Proper board succession planning—the systematic process of identifying and placing qualified candidates in current or upcoming board seat vacancies—is vital for corporate stability and continuity. However, many companies struggle to recognize its importance. Findings from the Nasdaq 2024 Global Governance Pulse survey shows that private companies are half as likely to have a formalized board succession plan in place compared to public companies. And only 28% of all survey respondents believe their succession planning process is effective.

Irrespective of whether the company is public or private, not having a structured approach to thoughtfully select and onboard new directors may result in corporate governance gaps, disruptions, and reduced stakeholder confidence. Well-designed board succession planning practices can help improve board culture, strengthen decision-making, and align board and leadership changes with long-term business objectives. We provide a framework for robust succession planning and highlight why it is essential to have a forward-looking plan in place and how to measure the plan’s effectiveness.


5 Components of Effective Board Succession Planning

Investors and stakeholders value a company that can navigate board changes without setbacks. Transparent board succession planning helps promote investor confidence and mitigate activist intervention and other impacts that may cause business disruptions.

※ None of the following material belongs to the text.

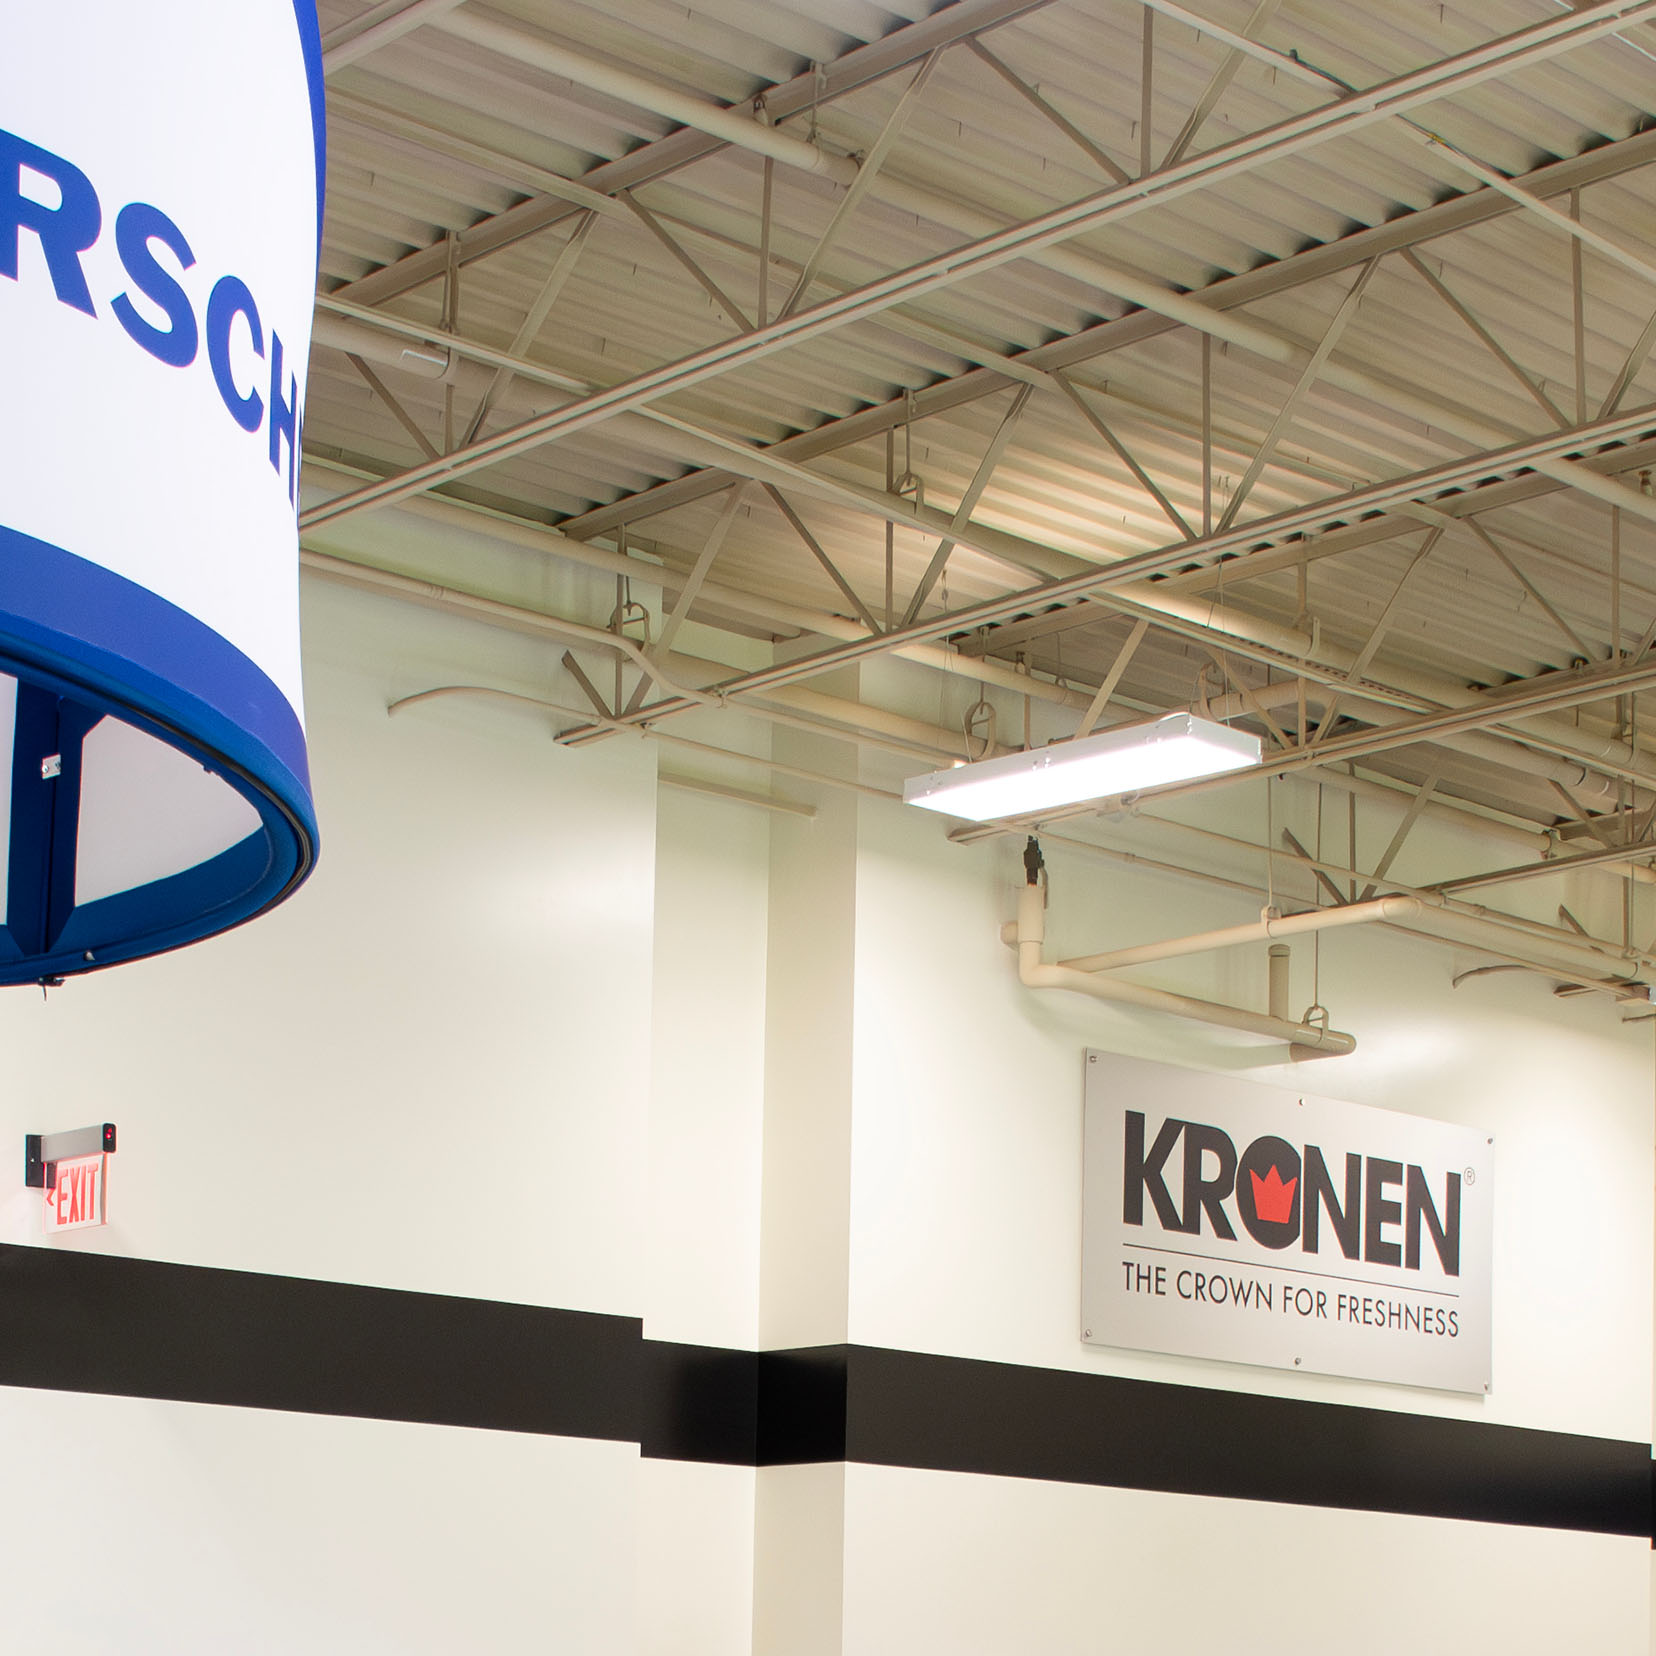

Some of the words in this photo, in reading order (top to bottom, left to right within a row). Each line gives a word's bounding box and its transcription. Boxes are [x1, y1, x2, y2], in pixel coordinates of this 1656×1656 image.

Board succession planning should be directly aligned with the company’s vision for its future. Approaching board composition from a strategic analysis can help keep the board’s aggregate composition aligned with business objectives and ensure that board transitions are seamless and avoid causing reputational damage. 

An iterative, intentional board succession planning process is supported by these five components:

  1. Skills assessments. Companies need to regularly review their directors’ skills and experience to ensure that the board’s collective expertise continues to align with business goals. It is important to understand whether the board understands the company and its market and identify directors who can help move the business forward. These needs may differ in public and private companies and across different industries. For example, based on the Nasdaq 2024 Global Governance Pulse findings, public company respondents indicate greater value on cybersecurity and data privacy, and private company respondents prioritize customer relations, strategy, and risk management experience. This type of gap analysis becomes particularly important when a company is going through inflection points in its lifecycle, such as significant growth, expansion to new business areas, or a transition in its corporate status (e.g., entering the public market). These corporate events raise the opportunity to reassess the alignment of board skills to the company’s future direction.
  2. A balanced blend of backgrounds. A balanced board helps prevent groupthink and fosters stronger decision-making by incorporating varied perspectives and problem-solving approaches, which helps ensure adaptability and resilience in corporate governance. To date, diversity has been commonly defined through gender, race, and ethnicity for many important reasons, including stakeholder representation. Boards should continue to understand the many facets of diversity, including newly prioritized factors such as age diversity. According to findings from the Nasdaq 2024 Global Governance Pulse survey, 35% of public company respondents prioritize adding new directors who are under 50 years old, which can help boards understand the current and next generations of the workforce and customers.
  3. Board leadership and committee makeup. A skills and gap analysis provides boards insight into staffing committees based on experience and expertise, which is important for effective board functioning and meeting regulatory requirements. An advancement in board succession planning practices is determining the appropriate board leadership and committee composition and tenure. According to findings from the Nasdaq 2024 Global Governance Pulse, private and public company respondents indicate that there is an opportunity to determine policies for committee and board leadership rotation. These types of policies help focus board succession planning determinations on the best interest of the board and the company, particularly when decisions arise on matters such as separation of board chair and CEO versus a combined chair/CEO coupled with a lead independent director, as well as committee chairs and members. This also provides a more objective process for determining the individuals who are fit for purpose in roles that significantly influence board philosophy on governance.
  4. An optimal board culture. Board composition and culture are interconnected aspects of effective succession planning and board effectiveness. An optimal board culture is not stagnant, and it adapts to the board and company needs. Boards have often assessed director candidates based on cultural fit versus cultural advancement. Directors who view board culture as an evolving, additive, and critical aspect of board effectiveness should assess the board’s cultural evolution based on the addition of new members and the board’s commitment to continuous improvement. Boards that assess culture through the board evaluation and succession planning process evaluate their current culture and how existing and new members can contribute to achieving an optimal state.
  5. A proactive pipeline of candidates. Identifying a ready pipeline of qualified candidates ahead of time can help boards appropriately respond to both planned and unplanned transitions. Directors and CEOs should utilize their networks to cultivate a list of known candidates, as well as to leverage recruiters and other third-party resources to expand the talent pool, which can be particularly advantageous when seeking unique profiles. 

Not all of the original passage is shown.